Consideration of nutrition before, during and after radiotherapy to the pelvis may be important for several reasons. Nutritional risk describes patients who are likely to develop malnutrition as a result of their illness, but the prognostic significance of nutritional risk is not clear. Malnutrition per se is an independent adverse prognostic factor in many cancers (Bozzetti, 2001). It may occur due to physiological, metabolic, psychological or iatrogenic processes, which exist as a result of malignancy and may affect morbidity, mortality and response to treatment (Argiles and Lopez-Soriano, 1999).
Specific therapeutic nutritional intervention before and during radiotherapy may induce a radio-protective effect for healthy tissues, for example, elemental diet by various mechanisms including attenuation of biliary and pancreatic secretions (McArdle et al, 1974, 1985; Pageau and Bounous, 1977; Mester et al, 1990) or nutritional intervention may be used for its radio-enhancing effect on malignant tissues, for example, polyunsaturated fatty acids (Conklin, 2002).

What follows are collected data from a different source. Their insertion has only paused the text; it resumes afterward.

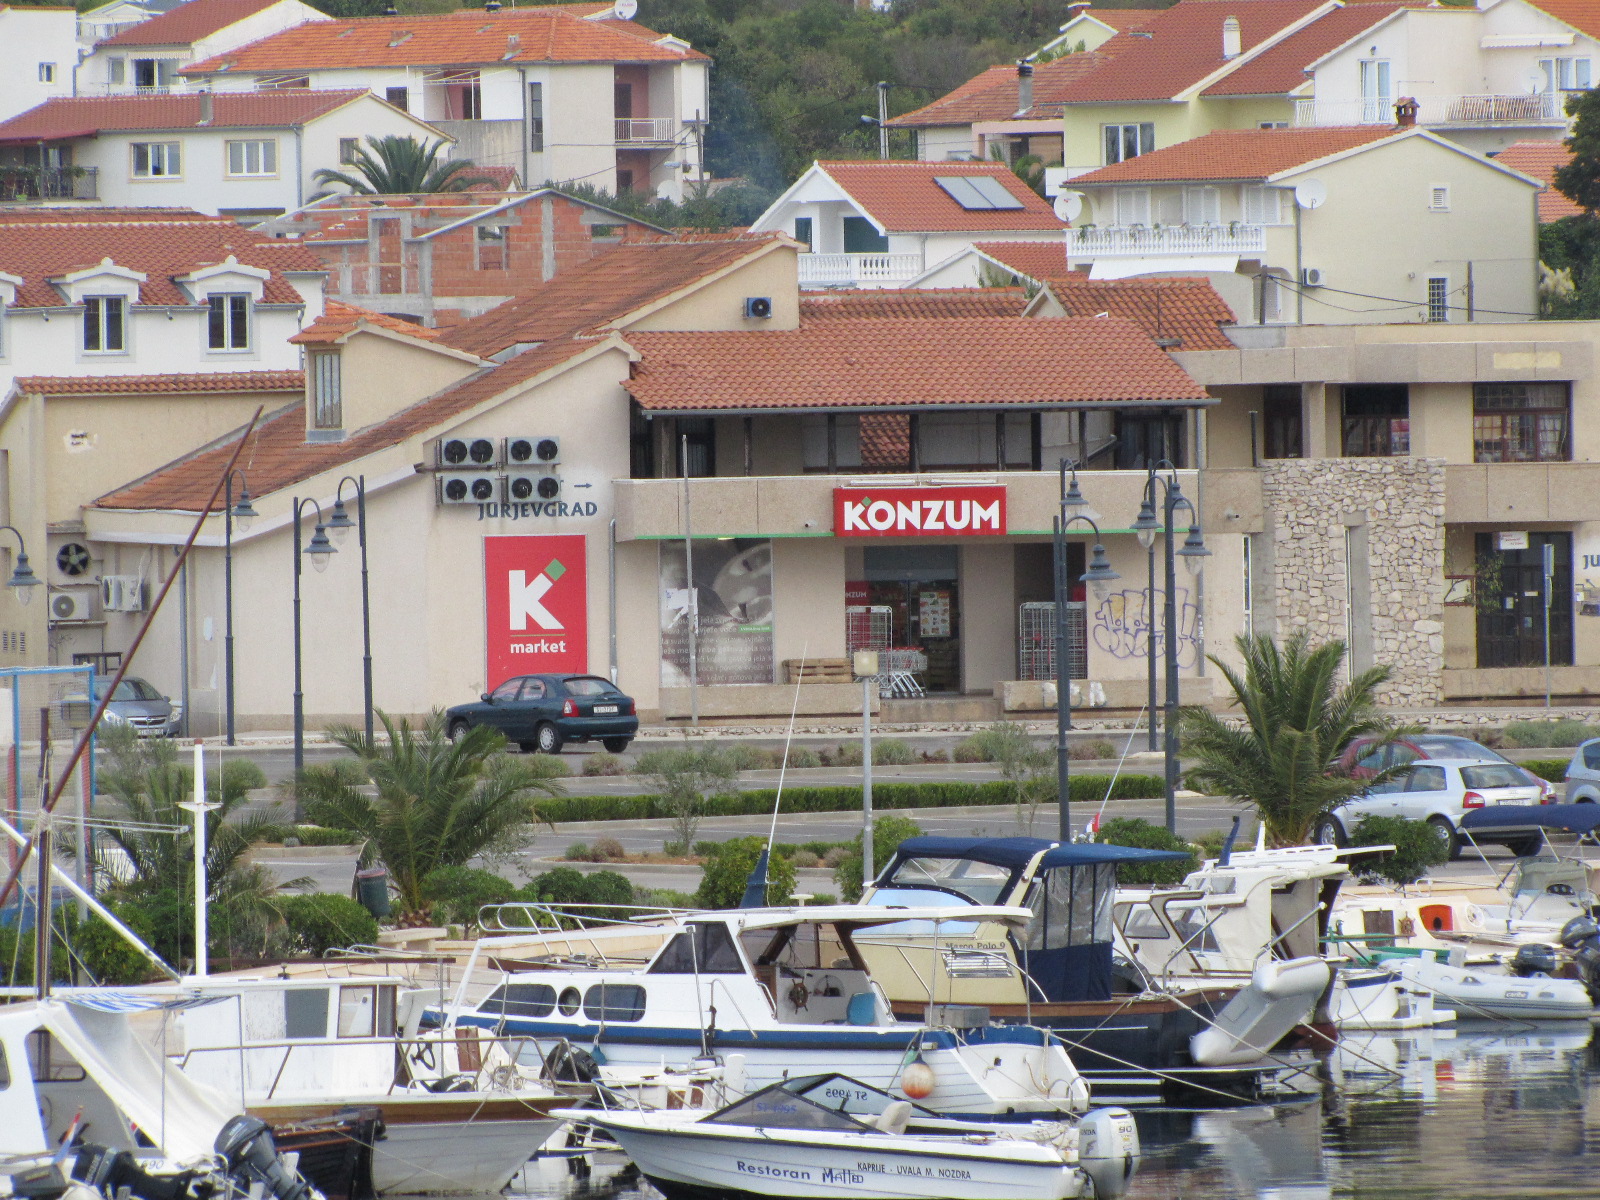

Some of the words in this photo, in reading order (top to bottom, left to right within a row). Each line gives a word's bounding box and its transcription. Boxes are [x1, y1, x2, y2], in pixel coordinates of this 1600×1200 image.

[477, 501, 598, 521] JURJEVGRAD
[844, 500, 1000, 531] KONZUM
[509, 559, 566, 630] K
[846, 591, 867, 599] NZUM
[510, 639, 566, 654] market
[977, 942, 997, 950] Polo
[1118, 1125, 1133, 1134] 90
[736, 1160, 811, 1180] Restoran
[857, 1162, 886, 1174] KAPRIJE
[896, 1164, 922, 1177] UVALA
[925, 1167, 935, 1177] M.
[938, 1168, 971, 1180] NOZDRA
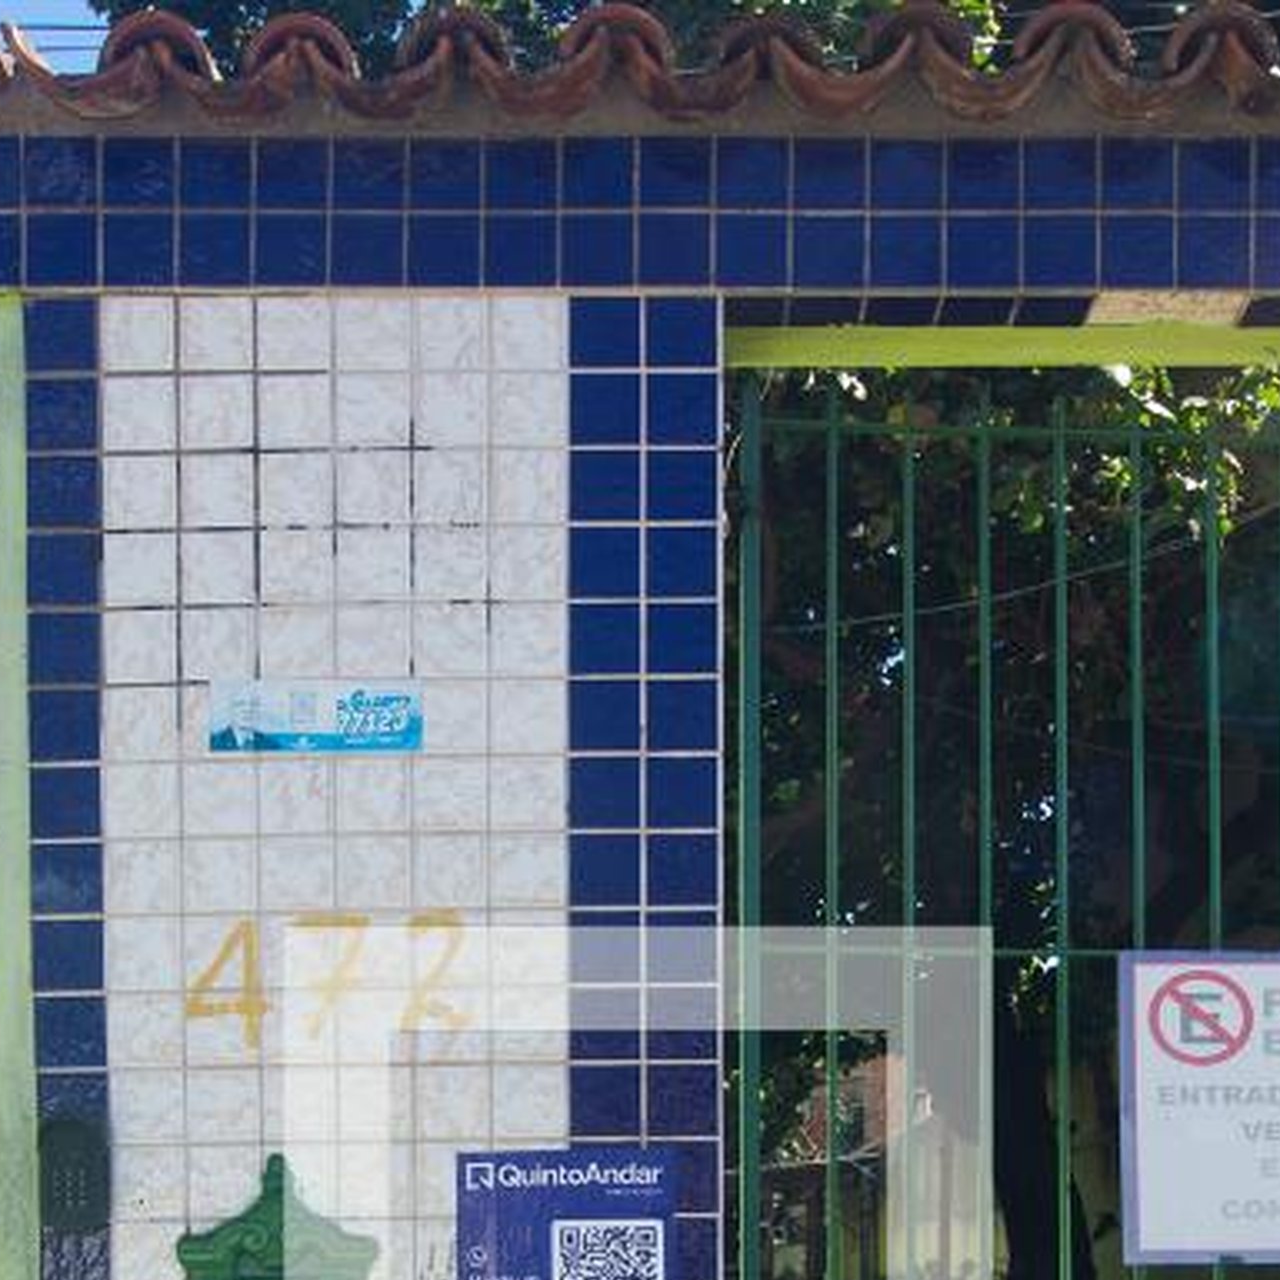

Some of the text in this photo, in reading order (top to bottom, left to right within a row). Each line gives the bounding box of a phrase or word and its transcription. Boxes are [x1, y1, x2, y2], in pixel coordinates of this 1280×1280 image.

[185, 908, 475, 1050] 472
[498, 1162, 662, 1188] QuintoAndar
[1259, 1157, 1280, 1179] E

Manipulation of habitual diet after radiotherapy may help to reduce or eliminate chronic, undesirable changes in bowel habit once they have occurred. A number of dietetic interventions such as lactose restriction, fat restriction, reduced intake of motility stimulants such as caffeine and a decrease in fibre-containing foods (Classen et al, 1998) have been suggested.
This review has two aims. First, to assess the incidence and significance of malnutrition in patients undergoing pelvic radiotherapy and those with chronic bowel side effects resulting from pelvic radiotherapy and second, to examine the efficacy of therapeutic nutritional interventions used to manage gastrointestinal side effects of pelvic radiotherapy.